Bebês sob encomenda: o caso Payton Cramblett Zinkon

Jennifer Cramblett e Amanda Zinkon são casadas e residem em Uniontown, cidade com cerca de 3.000 habitantes, dos quais 98% são brancos, no Condado de Stark, Ohio (EUA).</DC> Há três anos decidiram ter filhos. Em setembro de 2011 foram ao Midwest Sperm Bank, em Grove Downers, em Ohio, e compraram seis frascos de esperma do doador escolhido por elas: branco, olhos azuis e cabelos louros. Era o lote de número 380.

por Fátima Oliveira no O Tempo

Jennifer foi inseminada em uma clínica em dezembro de 2011 e no Natal já comemorou a gravidez. Em abril de 2012 decidiram que Amanda deveria engravidar também. Encomendaram oito frascos do doador 380: queriam gerar irmãos biológicos por parte de pai.

 

Foram surpreendidas pelo comunicado de um “engano” no banco de esperma! Consta no processo judicial: “O erro ocorreu porque o banco de esperma mantém escrita à mão em vez de registros eletrônicos. Um funcionário da clínica fez confusão e utilizou o frasco número 330”, cujo doador é um afro-americano!

O Midwest Sperm Bank enviou uma carta pedindo desculpas e anexou “um cheque correspondente ao reembolso para os seis frascos de esperma incorretos enviados em setembro de 2011”! O advogado de Jennifer é taxativo: “Eles cometeram um erro que um banco de esperma não pode cometer. Ela não estava pedindo uma pizza”.

“Em 21 de agosto de 2012, Jennifer deu à luz Payton, uma bela, e obviamente mestiça, ‘baby girl’”. Como não recebeu corretamente o que comprou e pagou, um bebê branco e louro, a mãe está processando o banco de esperma. Ressalta que ama muito a filha, mas está cobrando os danos morais (violação de garantia) porque “vive cada dia com medos, ansiedades e incertezas sobre o seu futuro e o de Payton”.

Um exemplo das dificuldades arroladas por Jennifer de ter uma filha negra é que “até mesmo o corte de cabelo da filha é algo não muito fácil de ser feito, já que deve ir até um salão de beleza de um bairro onde vivem mais pessoas negras, e não se sente bem-vinda no local”.

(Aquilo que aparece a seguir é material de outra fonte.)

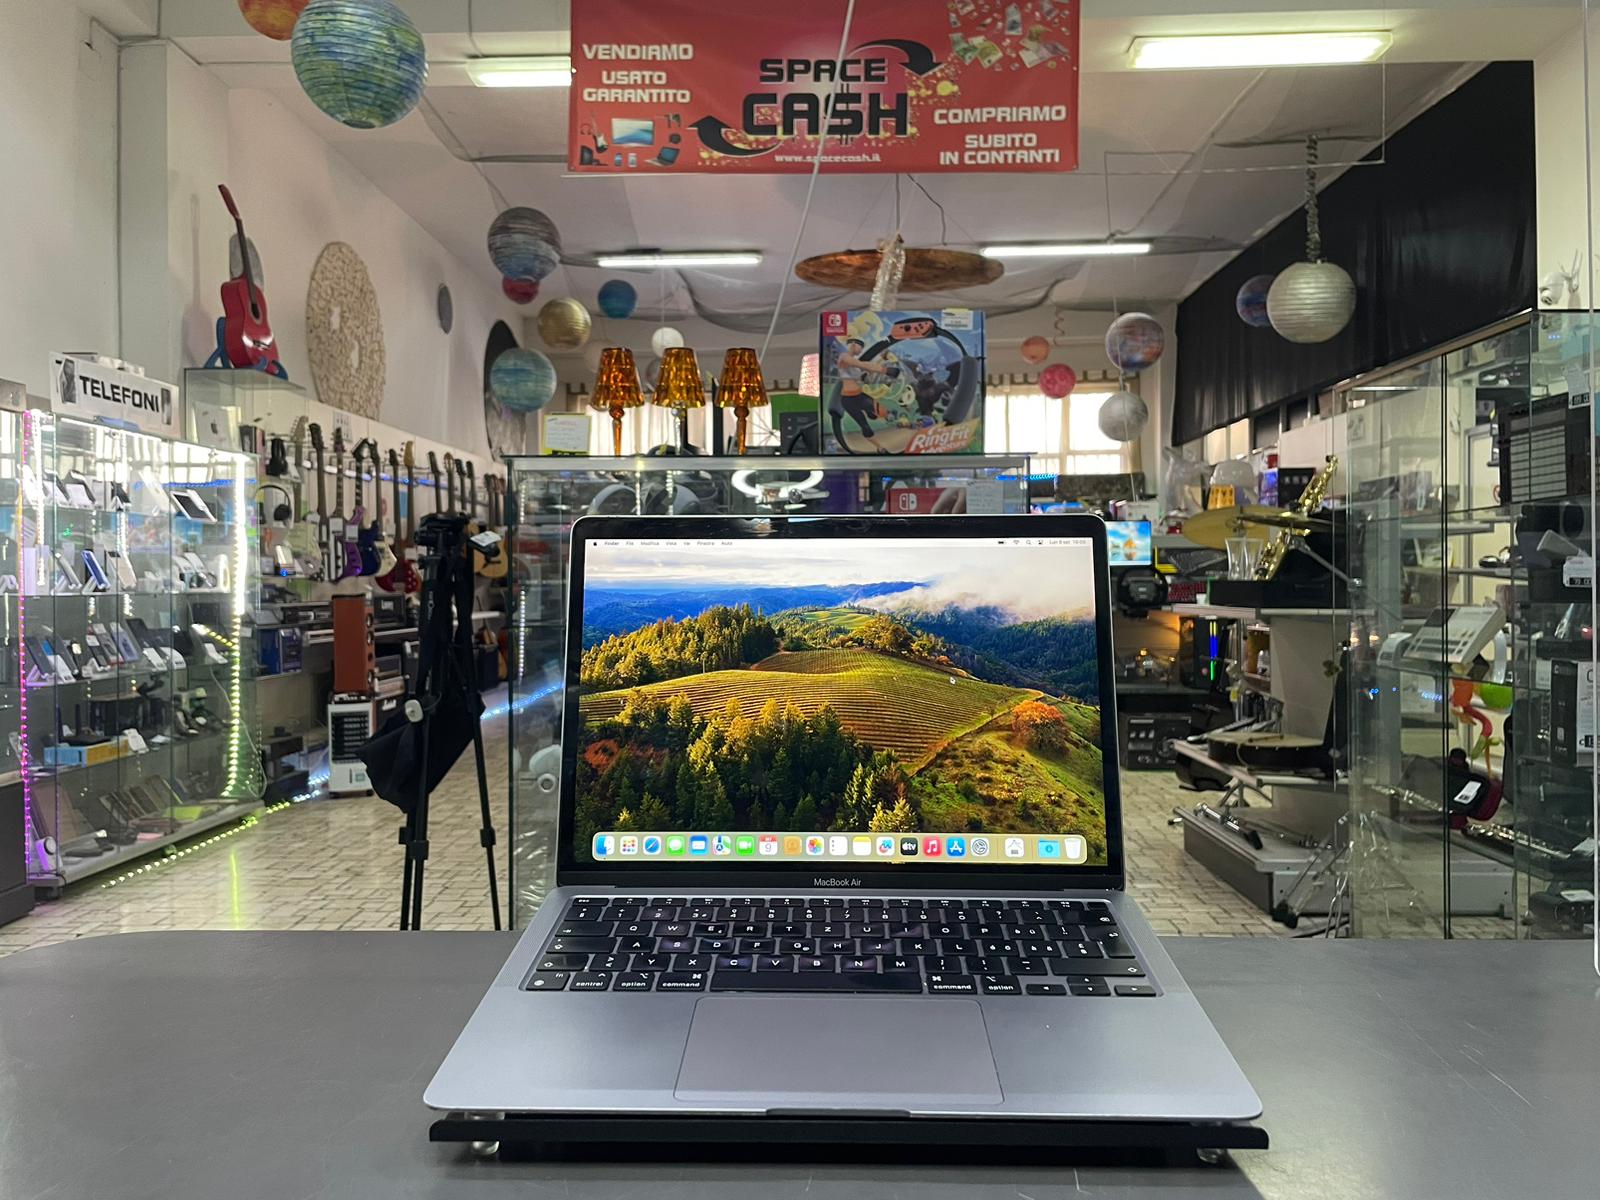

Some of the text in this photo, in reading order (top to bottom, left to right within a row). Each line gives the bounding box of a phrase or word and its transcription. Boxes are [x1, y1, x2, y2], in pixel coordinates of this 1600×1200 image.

[582, 43, 693, 61] VENDIAMO
[601, 70, 667, 85] USATO
[759, 58, 886, 82] SPACE
[582, 87, 691, 103] GARANTITO
[933, 105, 1067, 124] COMPRIAMO
[964, 132, 1038, 148] SUBITO
[940, 149, 1060, 165] IN CONTANTI
[79, 375, 159, 413] TELEFONI
[909, 430, 950, 452] Ring
[765, 843, 771, 852] 9
[814, 878, 861, 886] MacBook Air

Na justificativa do processo a mãe informa que antes de ir para a universidade “nunca tinha tido contato com pessoas negras”, que ela e a filha sofrem preconceitos dos intolerantes habitantes de Uniontown (98% de brancos) e que o grande temor do casal é que Payton seja estigmatizada porque será a única criança negra da escola.

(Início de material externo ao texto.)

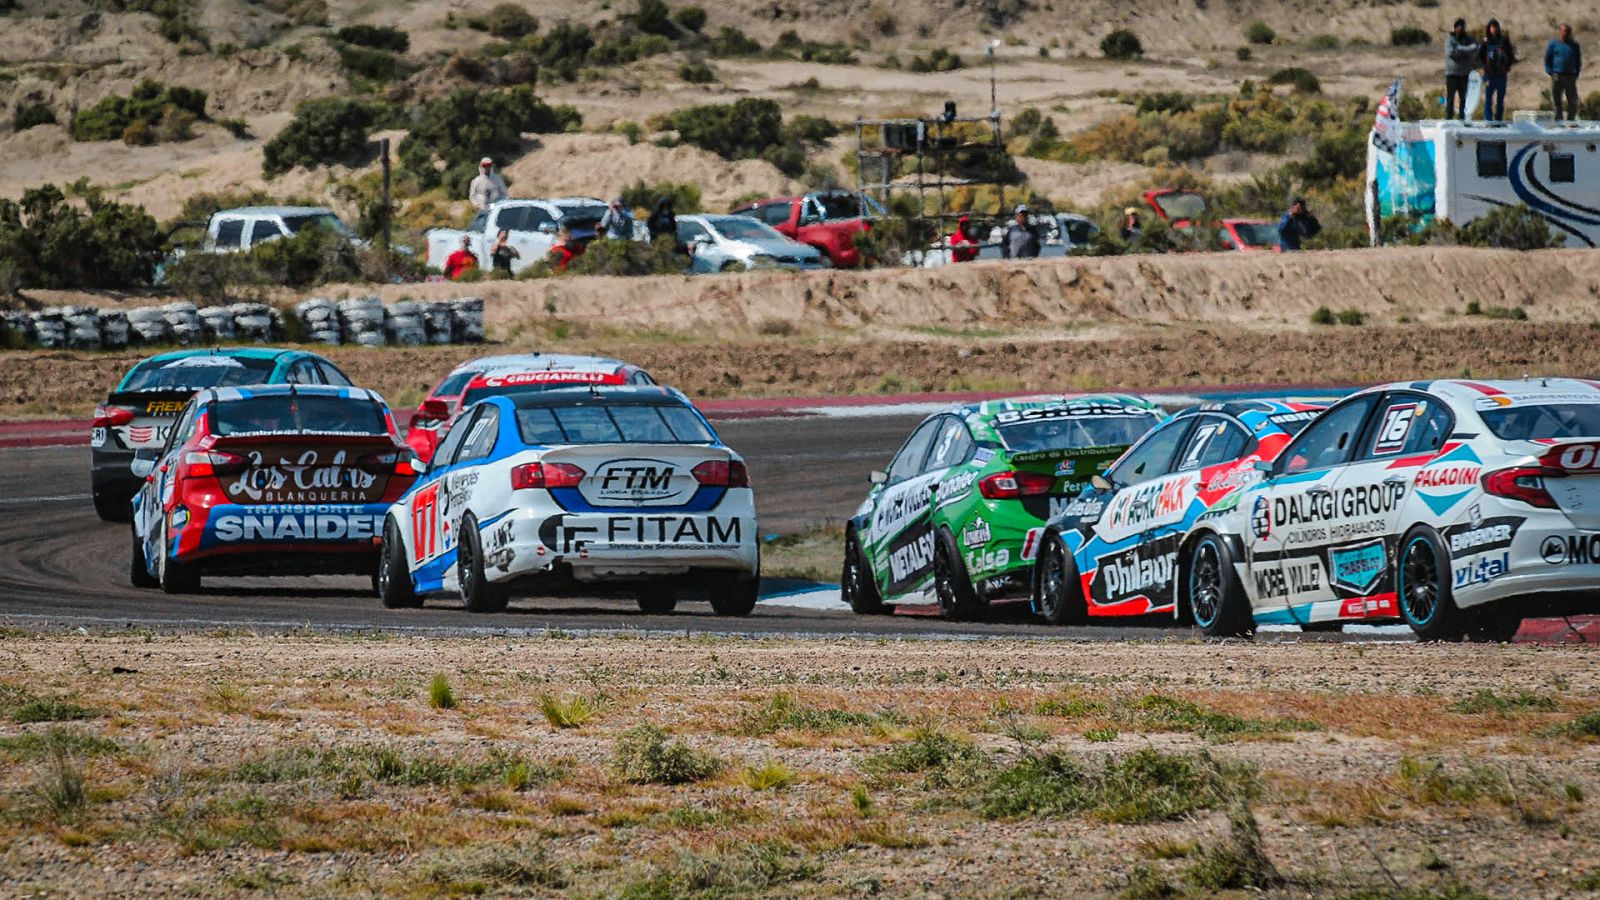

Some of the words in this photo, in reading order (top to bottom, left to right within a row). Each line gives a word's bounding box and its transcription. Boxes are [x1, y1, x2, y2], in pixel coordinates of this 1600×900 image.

[1379, 408, 1414, 442] 16
[1186, 427, 1216, 461] 7
[229, 450, 287, 501] Los
[601, 466, 675, 491] FTM
[1414, 466, 1482, 489] PALADINI
[243, 504, 365, 515] TRANSPORTE
[265, 490, 367, 502] BLANQUERIA
[1274, 489, 1338, 527] DALAGI
[1341, 480, 1406, 518] GROUP
[606, 515, 742, 544] FITAM

Jennifer teme também que Payton seja rejeitada por sua família, que é racista e conservadora em temas morais, pois nunca aceitou o fato de ela ser lésbica. E conclui que sofre ao pensar que o conjunto das circunstâncias possa “ter um efeito negativo sobre a sua filha”. Foi aconselhada por terapeutas que, “para ela e para o bem-estar psicológico da filha, ela deve mudar-se para uma comunidade racialmente diversificada, com boas escolas”.

É um imbróglio em que danos já são incomensuráveis na vida de Payton, cujo enredo dá um “romance triste” sob o signo do racismo, que é o eixo do processo que está sendo movido, embora a mãe não tenha coragem de admitir!

O caso Payton, que será julgado em 17.12.2015, merece abordagem de múltiplas faces, pois envolve outras questões bioéticas de vulto, além do racismo, pertinentes aos bebês sob encomenda. As Novas Tecnologias Reprodutivas Conceptivas (NTRCs), incluindo a inseminação artificial com esperma comprado em balcões de bancos, tornaram obsoletos os bebês feitos em casa e trouxeram problemas com os quais é difícil de lidar e para os quais é complicado emitir juízo de valor.

Como você se sentiria se soubesse que a sua mãe comprou uma briga judicial porque você não é exatamente aquilo que ela desejou e escolheu para a sua aparência?